Sunday, February 9, 2014

Guilty as Charged

What am I most guilty of?

I'll tell you.  Being opinionated, selfish, priggish, childish.  Wanting to be safe instead of putting myself out there.  Judgement, coercion, theft, all the things I'm about to condemn others of, I have done myself.  Like Machiavelli once said "I'd rather show others the way to hell, in order to steer them clear of it."

I'm no saint, definitely a sinner.  You have no clue.  Life does that to people, and in the midst of the fighting, you realise that all you want is to be somewhere where your sins are forgiven.  Where the judgements you've passed on others will be forgiven.  They'll never be forgotten though, an elephant never forgets.

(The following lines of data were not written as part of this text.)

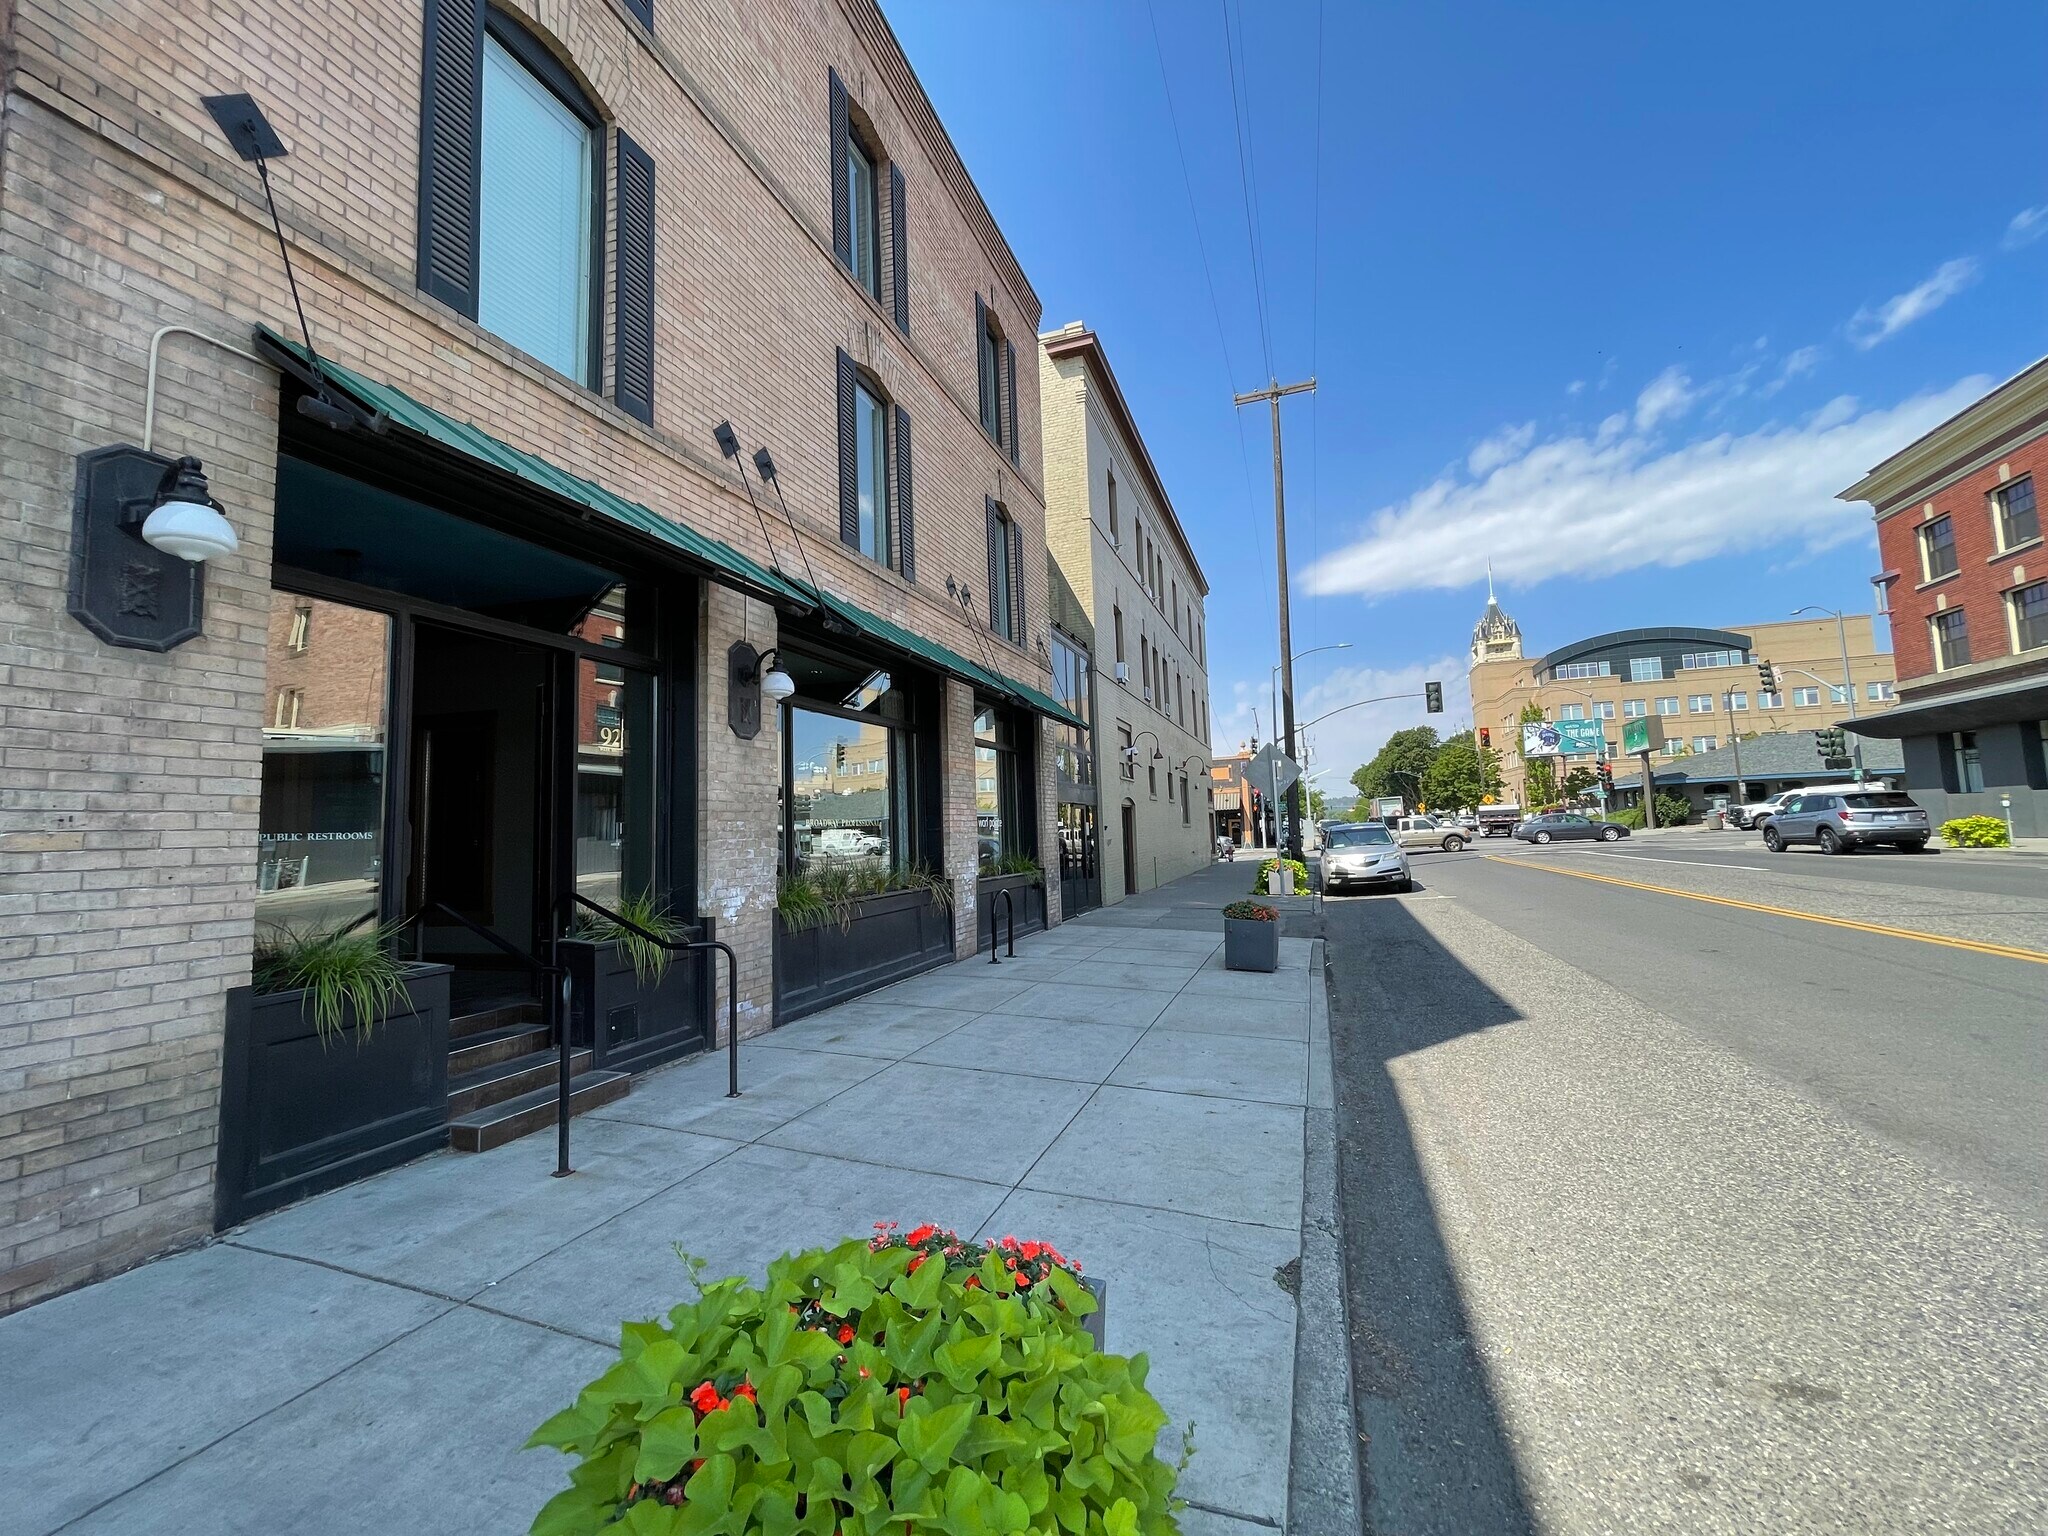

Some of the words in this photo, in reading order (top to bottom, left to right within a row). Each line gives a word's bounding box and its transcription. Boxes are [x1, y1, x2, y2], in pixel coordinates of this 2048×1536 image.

[1566, 729, 1579, 738] THE
[259, 832, 303, 842] PUBLIC
[307, 831, 373, 841] RESTROOMS
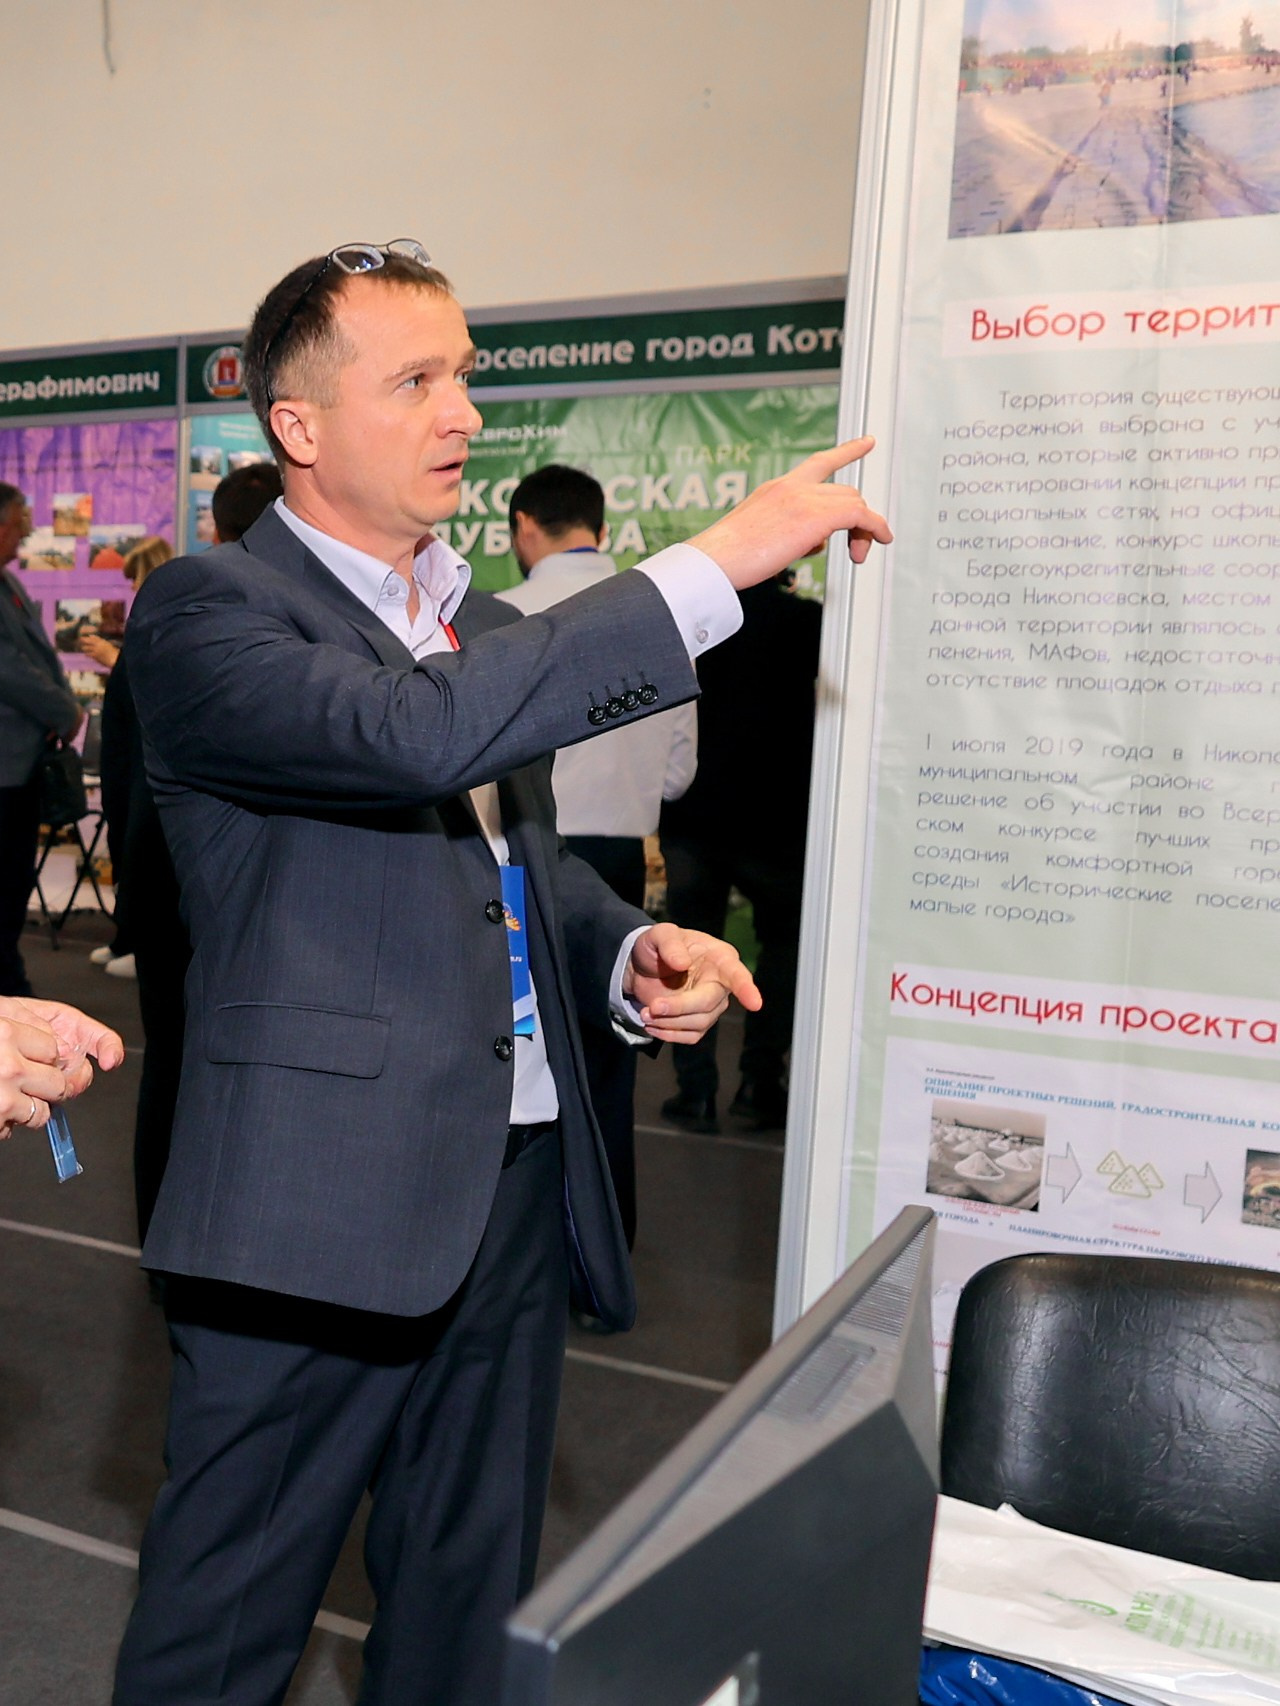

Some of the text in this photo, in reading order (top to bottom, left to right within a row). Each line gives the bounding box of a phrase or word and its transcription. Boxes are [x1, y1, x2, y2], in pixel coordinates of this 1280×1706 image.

[971, 304, 1106, 341] Выбор
[645, 335, 754, 362] город
[999, 389, 1134, 411] Территория
[944, 418, 1083, 440] набережной
[1099, 414, 1204, 436] выбрана
[1222, 416, 1238, 431] с
[942, 451, 1029, 470] района,
[1038, 448, 1137, 466] которые
[1147, 446, 1239, 463] активно
[939, 477, 1122, 498] проектировании
[1129, 475, 1246, 492] концепции
[937, 509, 949, 523] в
[956, 506, 1087, 525] социальных
[1170, 503, 1201, 519] на
[1115, 533, 1204, 551] конкурс
[967, 558, 1216, 580] Берегоукрепительные
[931, 586, 1271, 608] города Николаевска, местом
[928, 616, 1266, 637] данной территории являлось
[1028, 641, 1111, 663] МАФов,
[926, 672, 1048, 691] отсутствие
[1056, 676, 1167, 695] площадок
[1175, 678, 1263, 696] отдыха
[951, 738, 1007, 754] июля
[1024, 735, 1084, 757] 2019
[1101, 744, 1154, 763] года
[1173, 748, 1184, 761] в
[918, 765, 1078, 785] муниципальном
[1129, 773, 1214, 791] районе
[917, 790, 1008, 808] решение
[1024, 792, 1055, 811] об
[1070, 799, 1162, 817] участии
[1177, 804, 1205, 820] во
[915, 817, 965, 833] ском
[998, 823, 1097, 843] конкурсе
[1135, 830, 1211, 849] лучших
[913, 844, 1280, 884] создания комфортной гор
[911, 870, 980, 891] среды
[1000, 873, 1173, 904] «Исторические
[909, 898, 1076, 926] малые города»
[889, 971, 1278, 1044] Концепция проекта
[924, 1086, 977, 1101] РЕШЕНИЯ
[924, 1076, 986, 1093] ОПИСАНИЕ
[988, 1084, 1056, 1102] ПРОЕКТНЫХ
[1121, 1101, 1257, 1129] ГРАДОСТРОИТЕЛЬНАЯ

Like I said, I'm just a girl in the world. That's all that you'll let me be.  Nothing more.  Stand straight, make money, go to school, get good grades, get married, have kids.  Join the machine! Lend your energy to its roar! You and the machine are one.  Love the machine when it doesn't love you.  Sacrifice all for the machine, even though you'd rather die.

You'd think I'd live for the applause. I do. Each clap is one clap closer to freedom. Bend but never break, trip but never stumble. Be cleaner than clean, smarter than smart. No sin, no pride. Be perfect.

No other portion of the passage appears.